YA : Lorsque le procédé est bien contrôlé, le biogaz récupéré contient entre 40 et 60 % de méthane. Le reste est constitué de dioxyde de carbone et de quelques polluants corrosifs comme l’hydrogène sulfuré. Dans les centres d’enfouissement techniques, le biogaz peut aussi contenir des siloxanes, des molécules organiques faites de carbone et de silice qui, lorsqu’elles sont brulées, forment des cristaux de silice qui dégradent les moteurs. Le biogaz est donc toujours traité pour éliminer ces polluants, et parfois purifié pour en retirer le dioxyde de carbone afin d’obtenir du biométhane.
KL : En dehors des aspects microbiologiques que nous laissons à d’autres laboratoires plus spécialisés, nous avons l’expertise pour intervenir sur toutes les étapes du procédé de méthanisation, dont cette phase de séparation. Une des équipes d’IMT Atlantique travaille donc sur le captage du dioxyde de carbone, afin de purifier le biogaz et produire du biométhane, en utilisant moins de solvants. Une fois séparés, le dioxyde de carbone peut être récupéré par les industriels pour divers usages, et le biométhane dédié à être injecté dans le réseau de gaz naturel est conditionné, avec une compression, une odorisation, etc.
La variabilité des déchets organiques a-t-elle un impact sur le gaz produit ?
YA : Le méthane est une molécule très simple, un atome de carbone et quatre atomes d’hydrogène (CH4). Qu’il soit produit par méthanation de synthèse, voie biologique ou dans une panse de vache, sa composition ne change pas. Seule la pureté de ce qui est produit diffère. En revanche, l’approvisionnement peut poser problème. La biomasse agricole surtout est produite de façon saisonnière, or les réacteurs de méthanisation doivent fonctionner toute l’année. Les matières organiques étant fermentescibles, elles se dégradent et peuvent difficilement être conservées.

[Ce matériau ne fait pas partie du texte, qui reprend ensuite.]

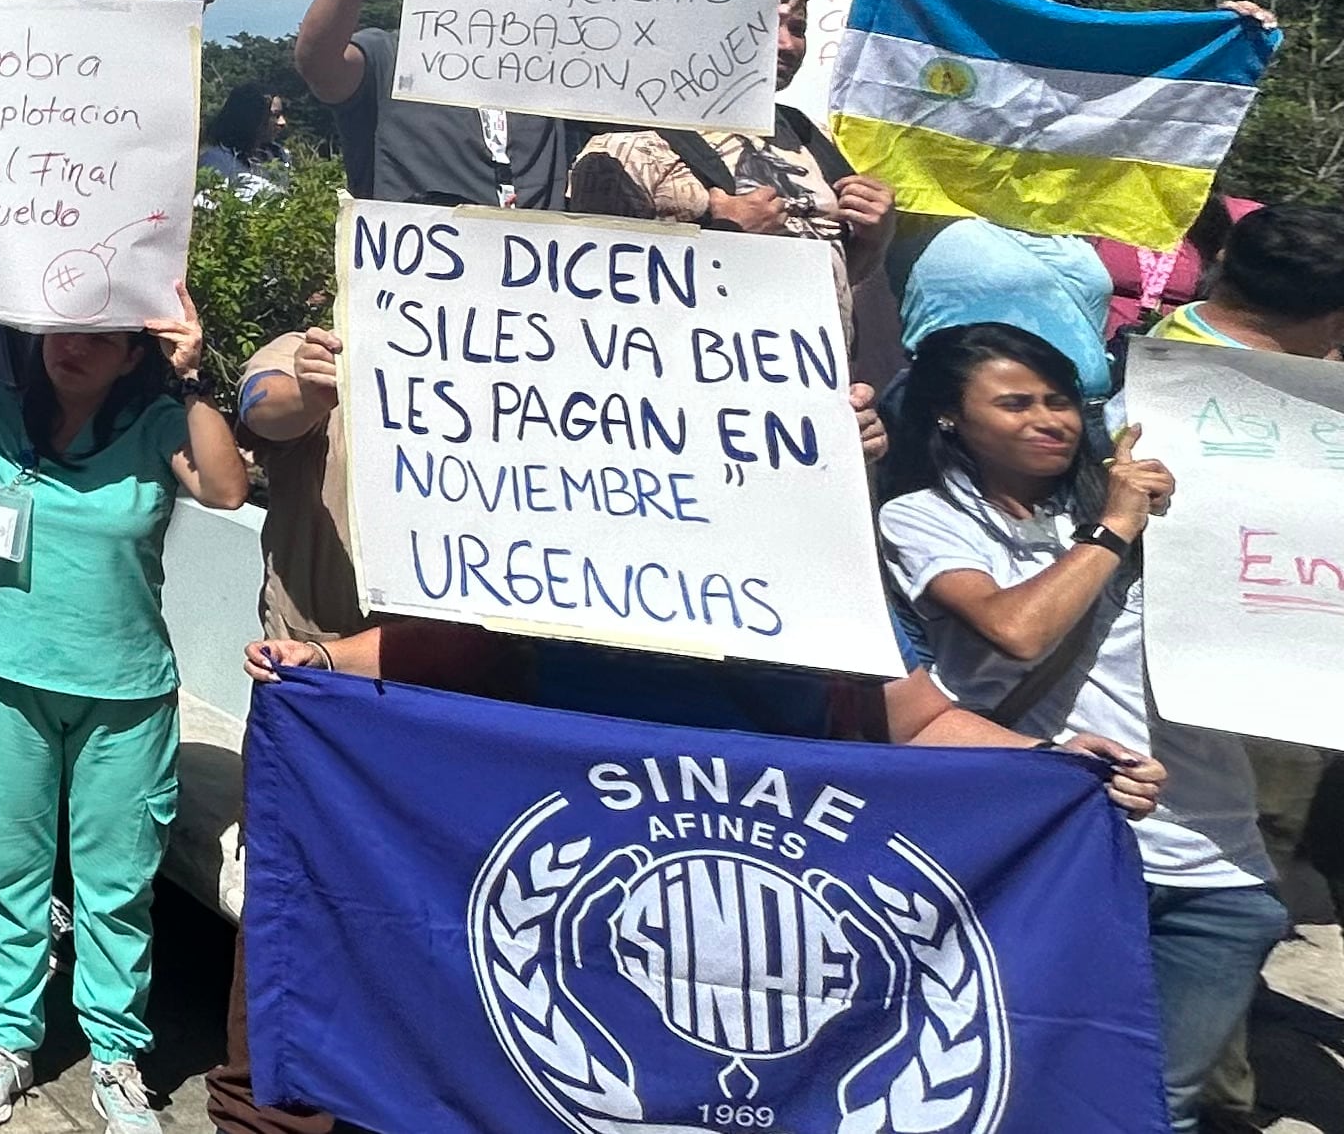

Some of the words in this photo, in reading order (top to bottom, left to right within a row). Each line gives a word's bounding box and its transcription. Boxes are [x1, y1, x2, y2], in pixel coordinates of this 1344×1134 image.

[411, 9, 621, 51] TRABAJO
[422, 50, 630, 91] VOCACIÓN
[635, 11, 769, 117] PAGUEN
[27, 151, 118, 197] Final
[353, 215, 465, 281] NOS
[501, 233, 729, 308] DICEN:
[580, 316, 664, 378] VA
[690, 326, 840, 391] BIEN
[374, 368, 473, 443] LES
[491, 381, 688, 457] PAGAN
[717, 407, 820, 470] EN
[410, 529, 783, 636] URGENCIAS
[587, 753, 868, 846] SINAE
[646, 812, 809, 861] AFINES
[695, 1101, 776, 1131] 1969

Une autre solution est de faire de la gazéification à partir de la biomasse sèche ou de combustibles solides de récupération. Il faut donc choisir la meilleure solution en fonction du bilan énergétique : ce n’est clairement pas pertinent de sécher du lisier de vache, mais pourquoi pas d’autres matières premières de valeur, avec un fort potentiel.

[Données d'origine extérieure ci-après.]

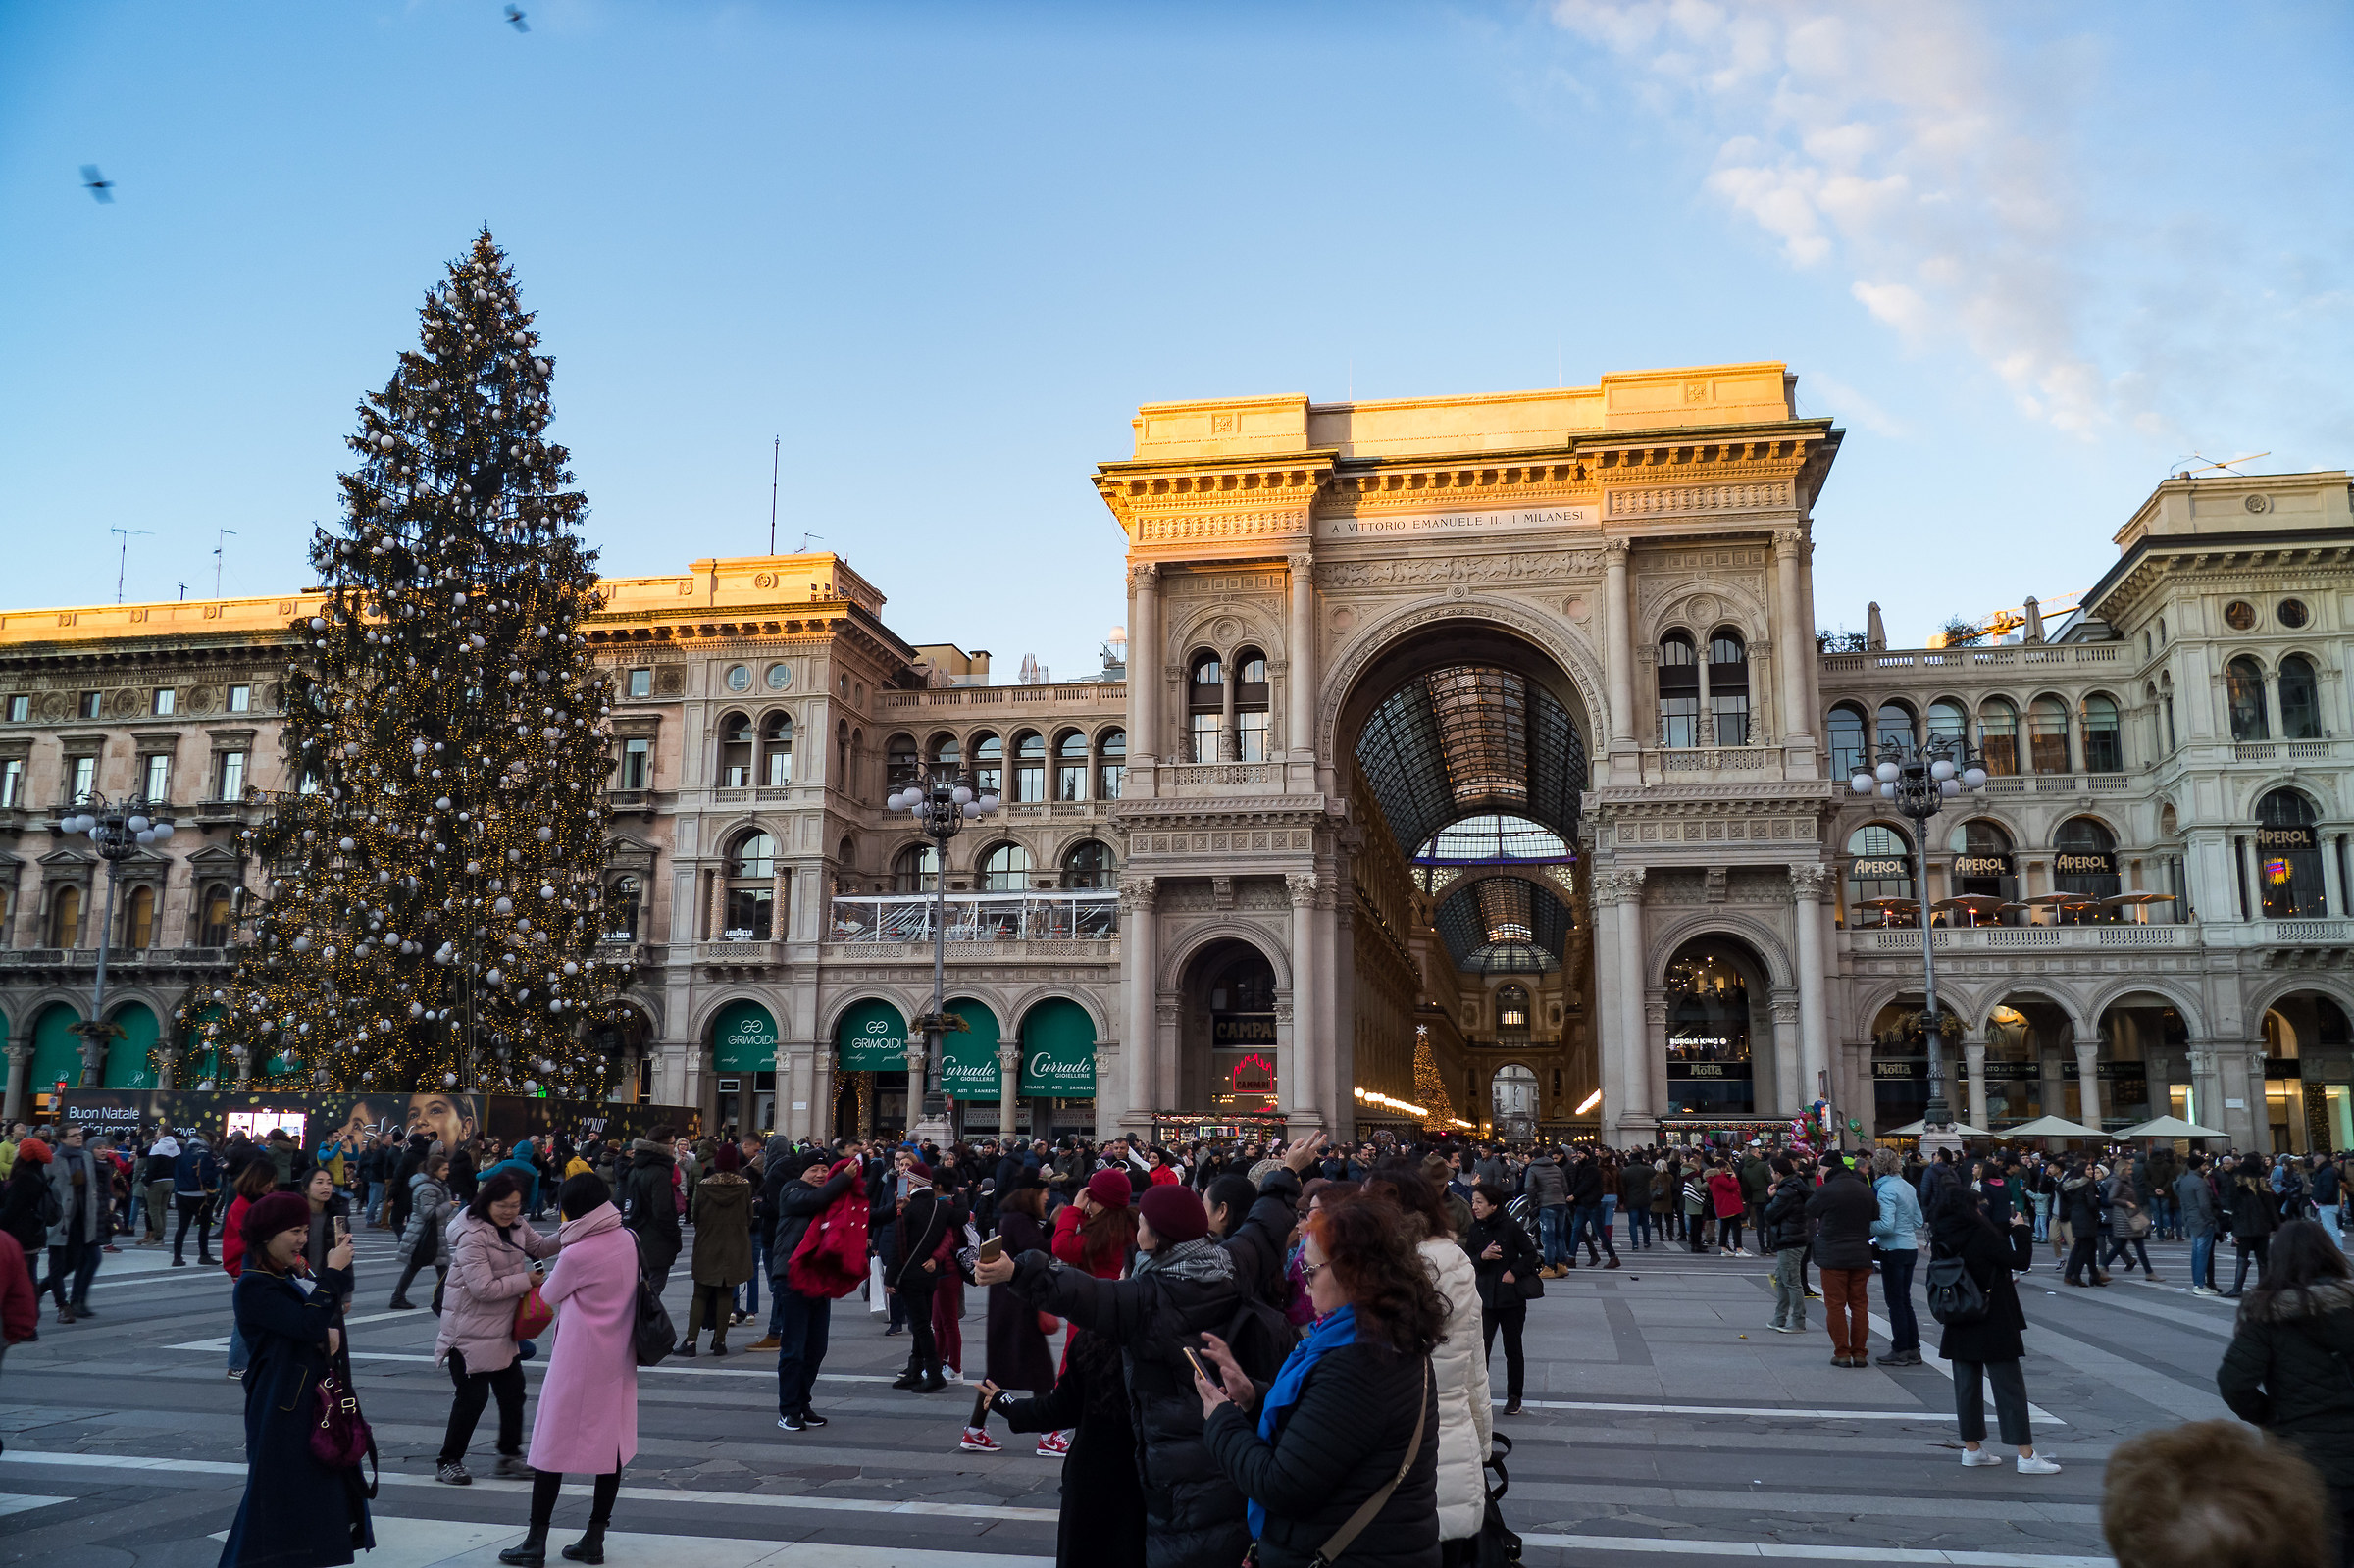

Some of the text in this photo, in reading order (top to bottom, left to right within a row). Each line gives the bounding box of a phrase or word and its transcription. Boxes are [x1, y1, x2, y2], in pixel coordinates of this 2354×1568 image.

[1332, 525, 1340, 533] A
[1348, 521, 1406, 532] VITTORIO
[1412, 516, 1483, 530] EMANUELE
[1523, 511, 1583, 523] MILANESI
[2256, 829, 2311, 843] APEROL
[1854, 859, 1905, 874] APEROL
[1955, 856, 2006, 871] APEROL
[2057, 854, 2109, 869] APEROL
[725, 927, 753, 936] LAVAZZA
[1216, 1022, 1276, 1039] CAMPA
[728, 1035, 774, 1045] GRIMOLDI
[851, 1037, 901, 1049] GRIMOLDI
[1030, 1051, 1091, 1078] Currado
[1690, 1064, 1723, 1076] Motta
[1877, 1063, 1912, 1075] Motta
[1236, 1081, 1269, 1089] CAMPARI
[69, 1106, 140, 1120] Buon Natale

L’alternative est de faire de la codigestion, c’est-à-dire de mixer les intrants, les matières premières qui alimentent le réacteur. Nous réalisons alors des tests en laboratoire pour analyser le potentiel méthanogène de différents substrats organiques, avec l’objectif de fournir un mélange garantissant un bon rendement de production de biogaz.
Quelles sont les utilisations du biométhane ?

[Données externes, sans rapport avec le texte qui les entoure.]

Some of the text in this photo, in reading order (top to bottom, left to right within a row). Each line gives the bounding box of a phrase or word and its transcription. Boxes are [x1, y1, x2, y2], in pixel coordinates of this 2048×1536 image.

YA : Une partie du biogaz est bien sûr valorisée dans les machines thermiques. Il n’est pas rare de croiser à Paris des bus qui roulent au biométhane, issu de décharges. Mais les installations de méthanisation s’orientent beaucoup plus vers l’injection, incitées par les opérateurs comme GRDF pour avoir plus de gaz vert dans leur réseau. D’ici 2030, la part des énergies renouvelables doit représenter 32 % de la consommation d’énergie en France, et le biogaz va prendre une part de plus en plus importante dans le bouquet énergétique.
Pour les exploitations agricoles, la méthanisation devient de fait une source supplémentaire de rémunération. Or chaque étape de procédé à ajouter, pour valoriser le biogaz jusqu’à l’obtention d’un biométhane « injectable » dans le réseau, a un coût énergétique et économique. Plus les exploitations veulent un gaz purifié, plus elles doivent produire pour rentrer dans leurs frais.
Cela soulève évidemment beaucoup de questions, car pour répondre à l’équilibre financier, il faut des méthaniseurs de très grande taille, et donc beaucoup de biomasses pour les alimenter. Cela implique potentiellement de faire venir des biomasses en provenance d’autres sites, avec un coût énergétique significatif, voire de pousser à la culture de biomasse qui serait uniquement destinée à produire de l’énergie, comme cela a été observé en Allemagne. C’est pourquoi il est primordial de réaliser au cas par cas des bilans énergétiques – qui font partie des outils techniques que nous maîtrisons au laboratoire – afin d’établir si la balance énergétique et économique est favorable.